### [REQUIREMENT]
Send each entry back exactly as given, pictures excluded.

### [Referring expression grounding data]
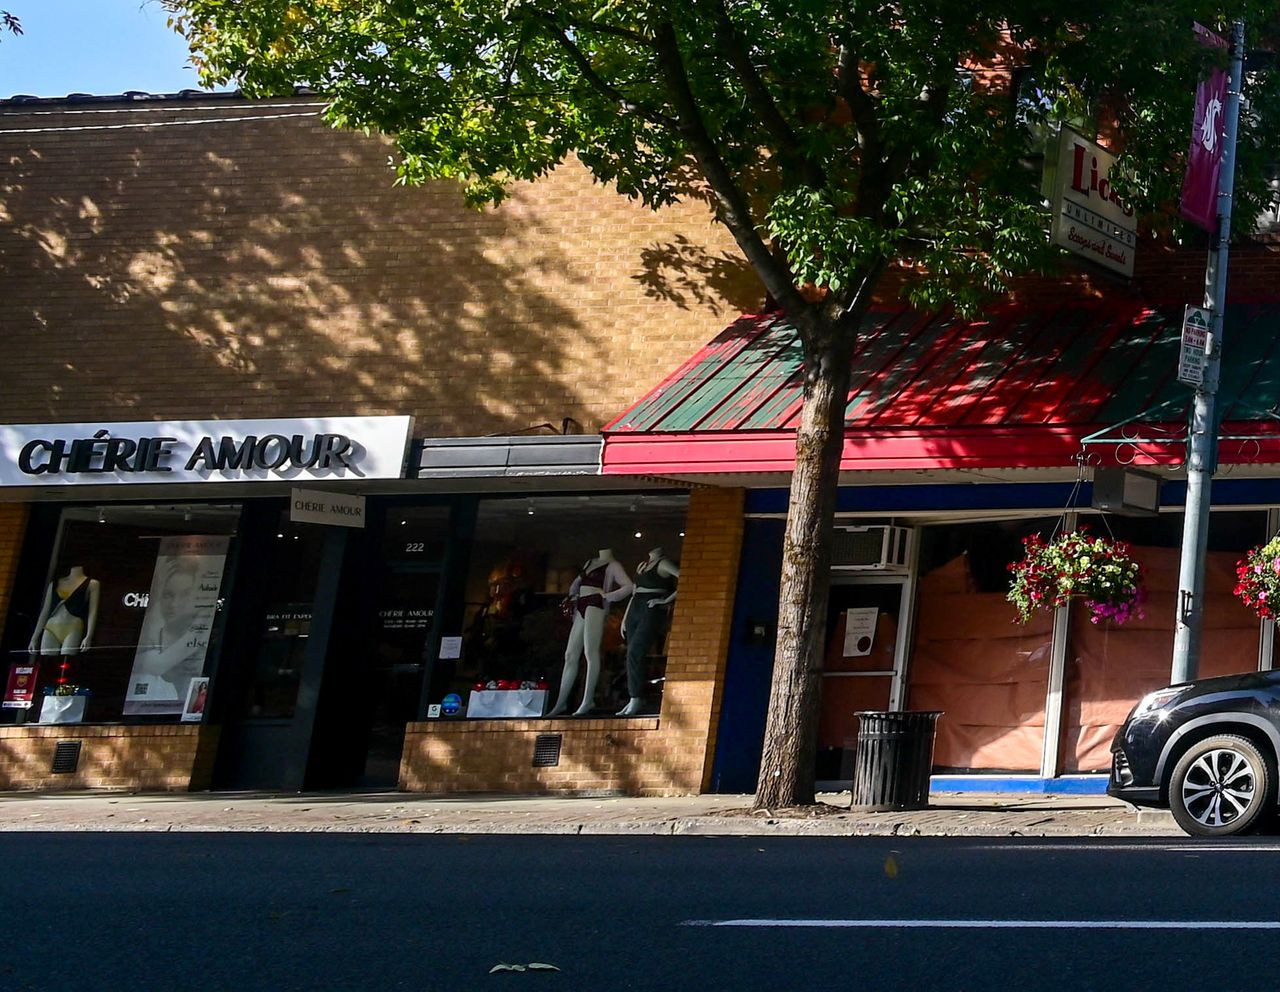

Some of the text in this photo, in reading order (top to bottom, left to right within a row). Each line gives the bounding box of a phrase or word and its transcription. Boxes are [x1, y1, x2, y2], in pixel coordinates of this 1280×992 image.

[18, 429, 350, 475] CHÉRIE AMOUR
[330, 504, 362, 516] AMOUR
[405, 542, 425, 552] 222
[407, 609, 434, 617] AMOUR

### [FINISHED EXERCISE]
Some of the text in this photo, in reading order (top to bottom, left to right within a row). Each line gives the bounding box of a phrase or word and its transcription. Boxes are [x1, y1, x2, y2], in pixel coordinates of this 1280×992 image.

[18, 429, 350, 475] CHÉRIE AMOUR
[330, 504, 362, 516] AMOUR
[405, 542, 425, 552] 222
[407, 609, 434, 617] AMOUR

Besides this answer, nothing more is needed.